Text-to-region grounding data:
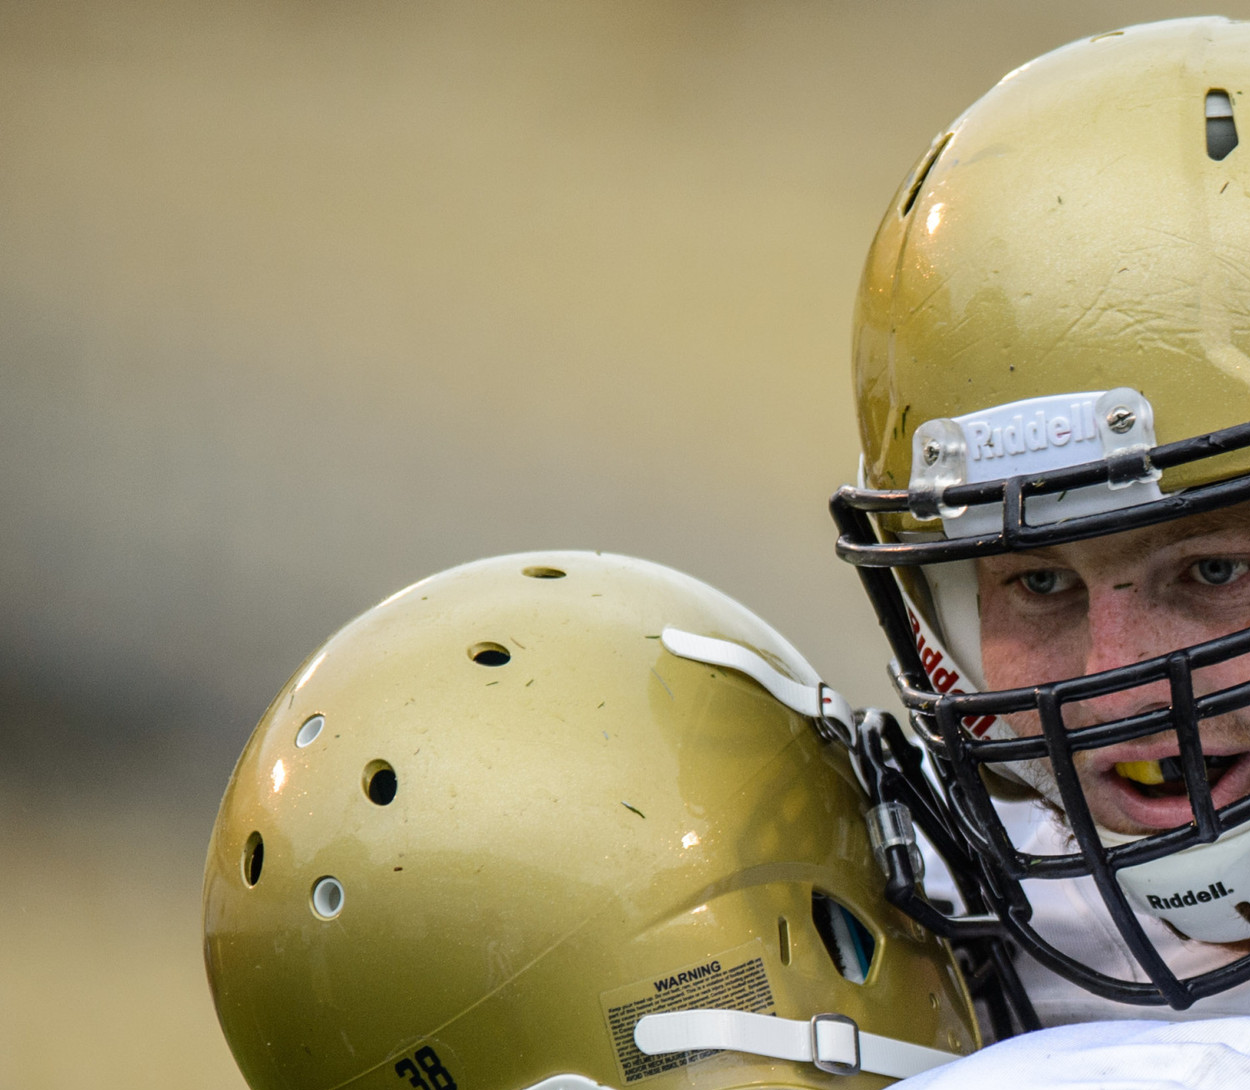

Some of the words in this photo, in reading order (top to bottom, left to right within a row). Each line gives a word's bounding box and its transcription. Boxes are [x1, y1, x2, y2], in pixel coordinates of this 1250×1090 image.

[967, 401, 1096, 461] Riddell
[907, 607, 997, 737] Riddll
[654, 961, 722, 992] WARNING
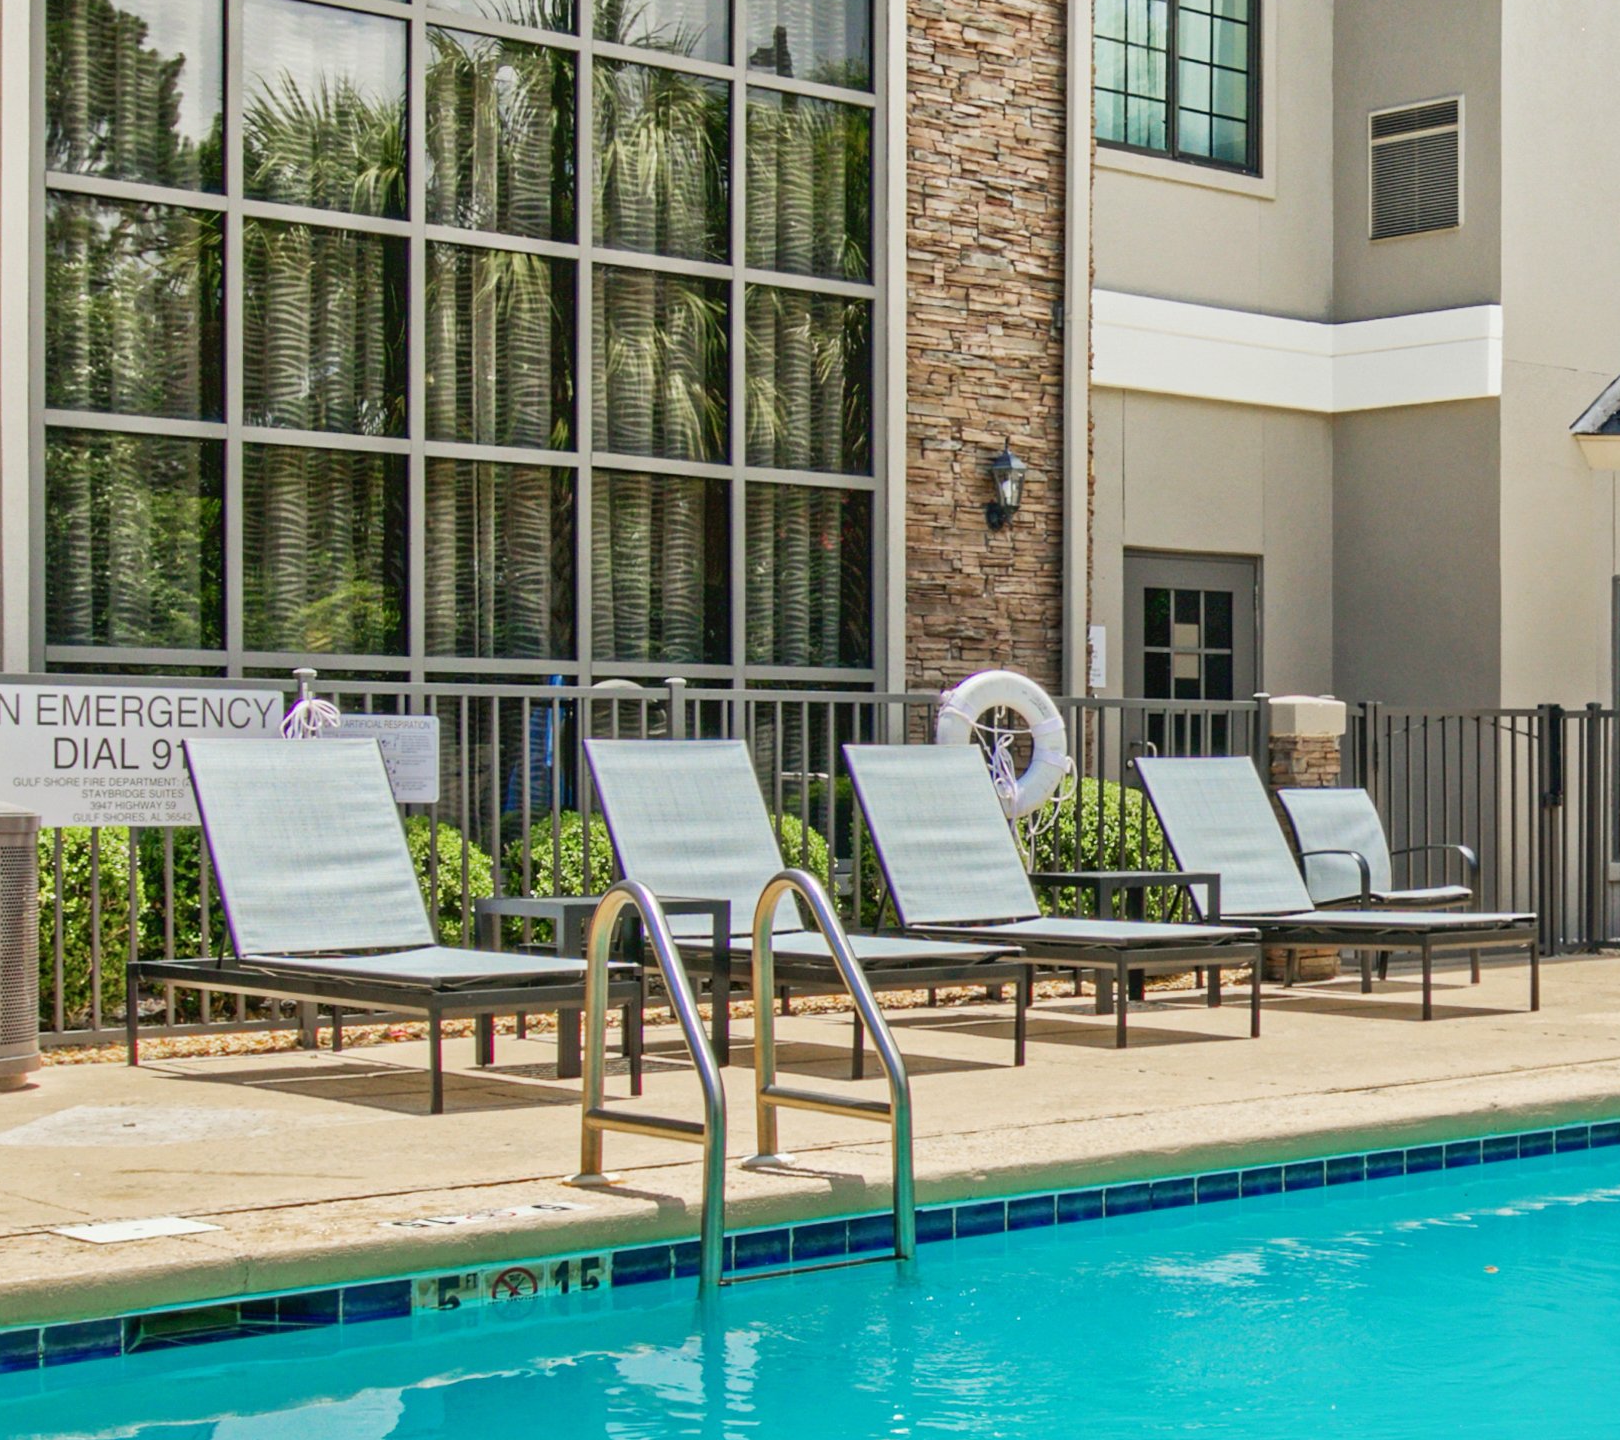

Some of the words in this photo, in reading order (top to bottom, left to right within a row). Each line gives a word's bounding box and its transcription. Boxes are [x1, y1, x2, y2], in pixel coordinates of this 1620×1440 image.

WHAT IS REQUIRED: Please give the data above again in exact form and omit every picture.

ANSWER SPACE:
Some of the words in this photo, in reading order (top to bottom, left to right within a row). Each line gives a word's bounding box and its transcription. Boxes are [x1, y1, x2, y2], in pixel coordinates of this 1250×1090 image.

[967, 401, 1096, 461] Riddell
[907, 607, 997, 737] Riddll
[654, 961, 722, 992] WARNING

Some of the words in this photo, in reading order (top to bottom, left to right within a row). Each line gives a word's bounding box and its transcription. Boxes are [x1, y1, x2, y2], in pixel coordinates of this 1620×1440 image.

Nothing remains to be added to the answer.